プリンスは、夢から覚めた人のような表情を浮かべた。自分が語る物語の世界に、没頭していたのだ。


 スパイは呆れたように頭を振った。

「カルロスを慕っていた女性ですよ! 彼女は、カルロスに恋していたのに、彼の本命が王妃だと知って、王妃を裏切る決意をしたんです!」


「ああ、めんどくさい!」

プリンスは叫んだ。

「女って、本当にめんどくさいな!」


「……」

スパイは絶句した。それに気づかず、プリンスが続ける。

「男同士でいる方が、よっぽど気楽だ」


「……そりゃ、あなたは、男性の中で育ちましたからね」

肩を竦め、スパイは言った。

「なぜかあなたの身の回りには、女官は殆どいない。おかげで、私の生活に、潤いがなくていけません」

「お前の生活なんて、知ったことか!」


「女性は大切です。女性がいるから、物語が動くんです。エーボリ公女は、カルロスと王妃の恋を、王に密告しようという、まさに、キーパーソンなわけですから。……あ。そもそも、カルロスの、不倫の恋はどうなったんです? 義理のお母さんになってしまった、王妃との!」


「不倫!?」

プリンスは、目を剥いた。

「エリザベト王妃は、気高く純潔な女性なんだ! 王を裏切って不倫なんか、するわけないだろ」


「……殿下。あなた、いろいろ騙されてますね」

スパイは心配そうだった。
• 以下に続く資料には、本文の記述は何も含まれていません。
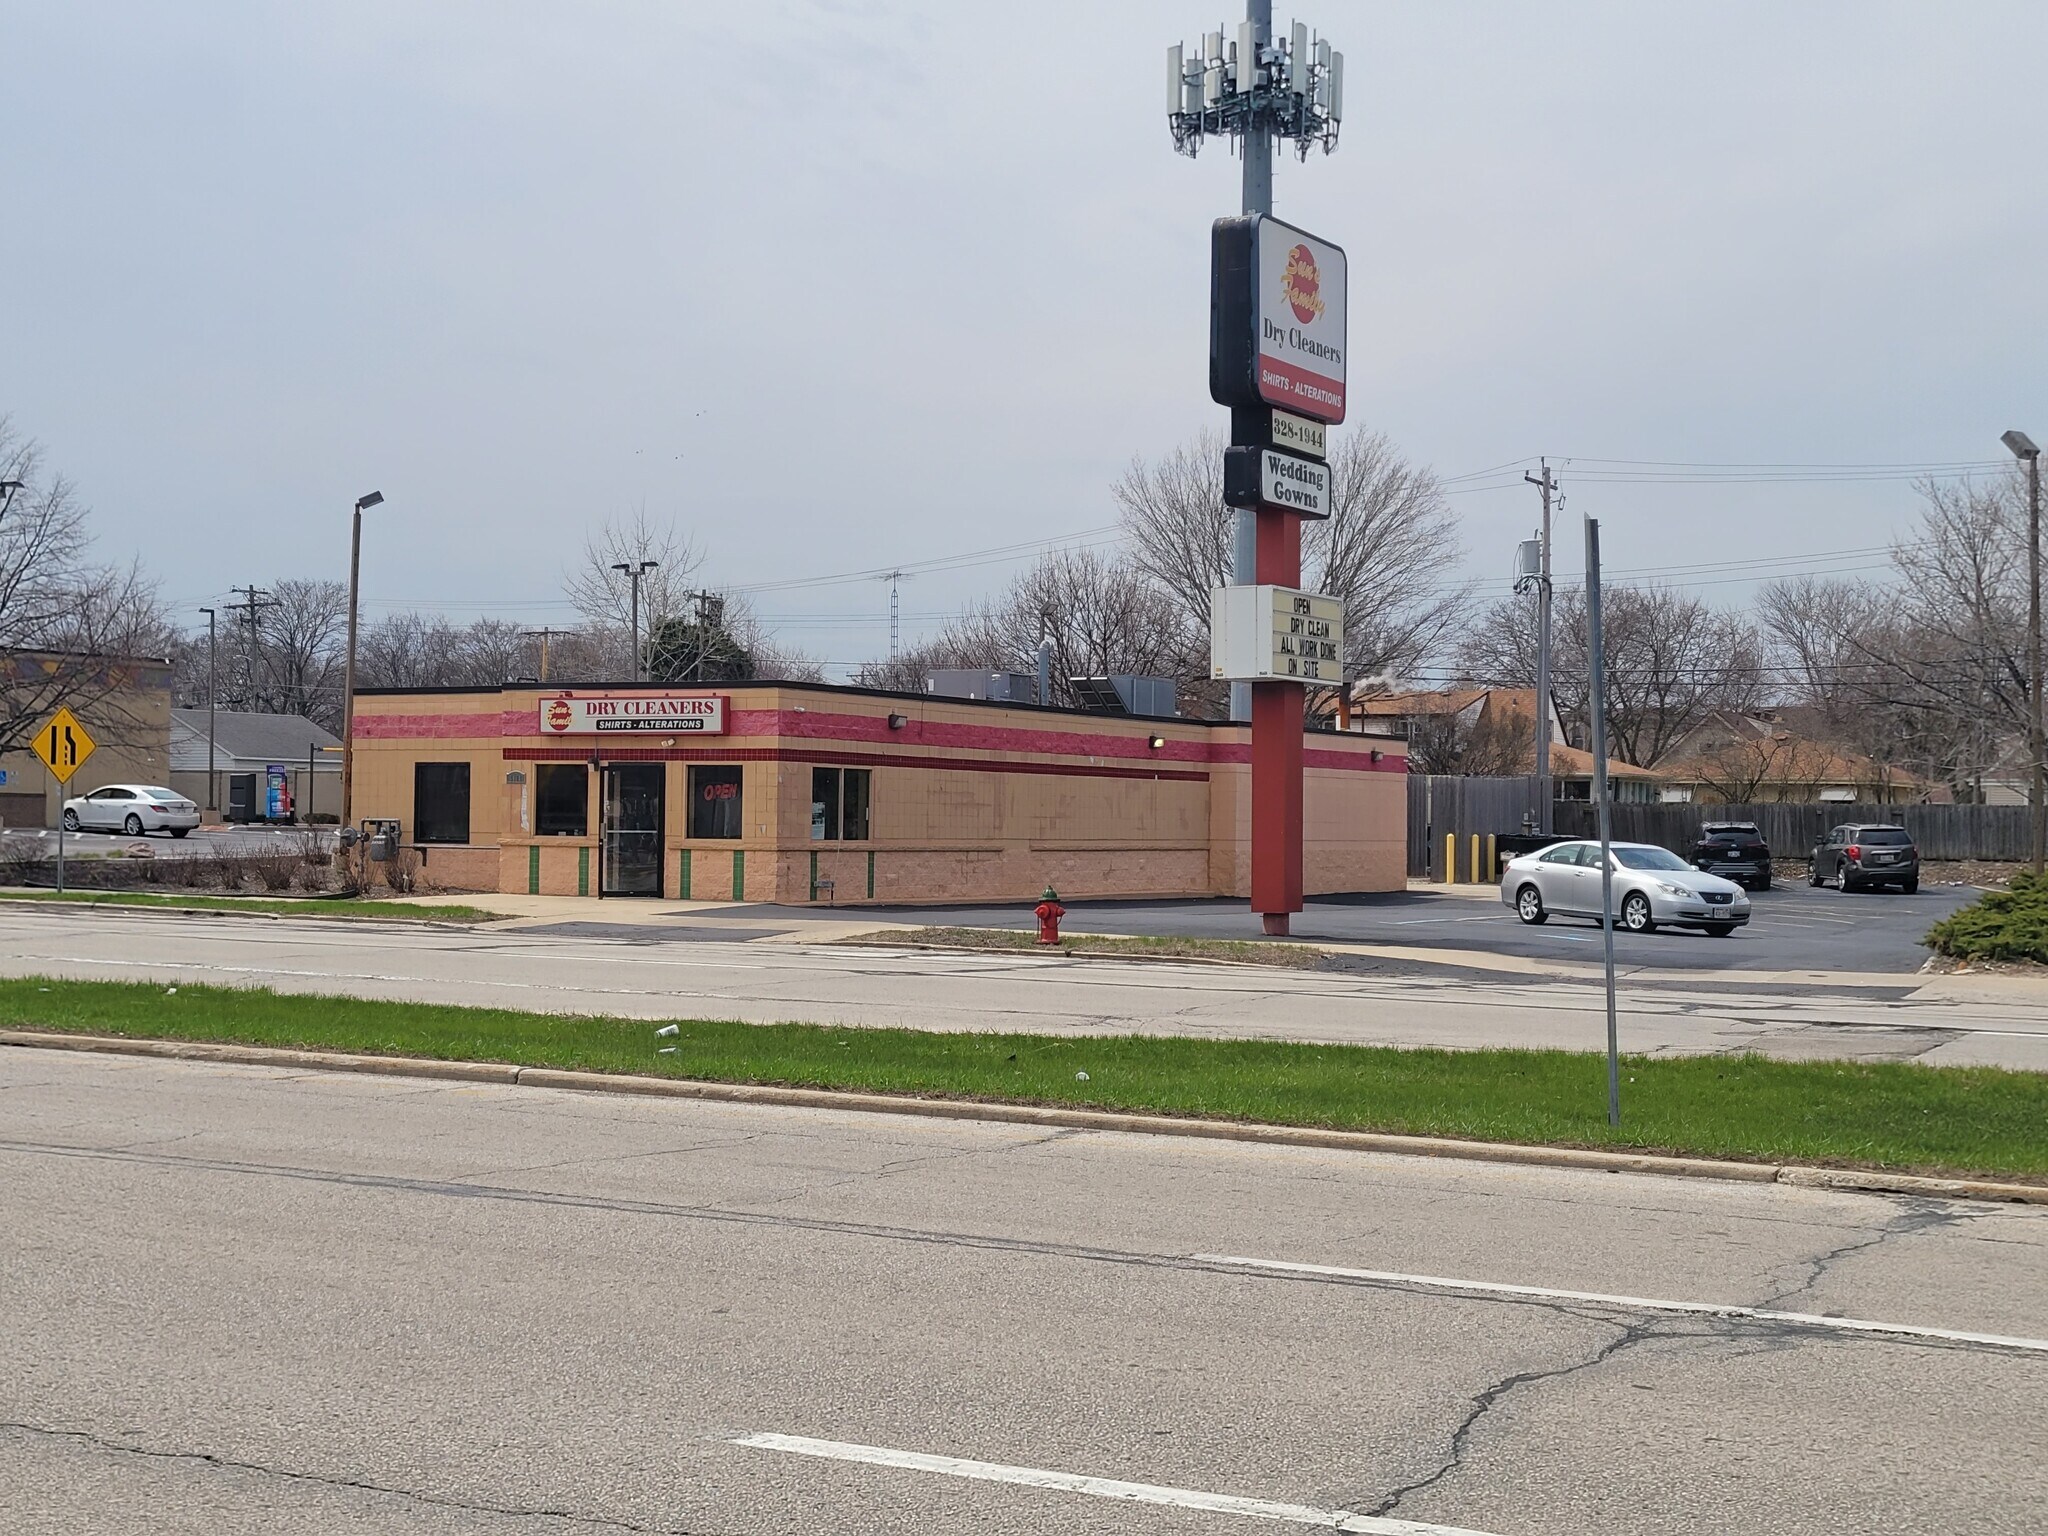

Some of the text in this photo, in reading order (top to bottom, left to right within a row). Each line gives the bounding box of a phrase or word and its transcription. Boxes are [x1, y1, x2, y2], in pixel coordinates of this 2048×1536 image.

プリンスは、きょとんとして問い返す。

「騙されてる? 誰に?」


「そもそも、気高く純潔な女性なんて、この世に存在しません。それは、幻想です! あと、すぐに失神する女にも、ご用心なさいませ」

「言ってる意味が……」


「私が知っている中で、もっとも気高く純潔なお人は、殿下、あなたです」

真面目な顔をして、スパイは言った。


 プリンスは、顔を赤らめた。

「お前の言うことは正しい。……あっ! エーボリ公女の話だぞ? 彼女は、危険だった。カルロス王子の裏切りを、いつ王に密告するか、わかったものじゃない。それで、ボーサ侯は、緊急の処置をとらなければならなかった……」


 ……。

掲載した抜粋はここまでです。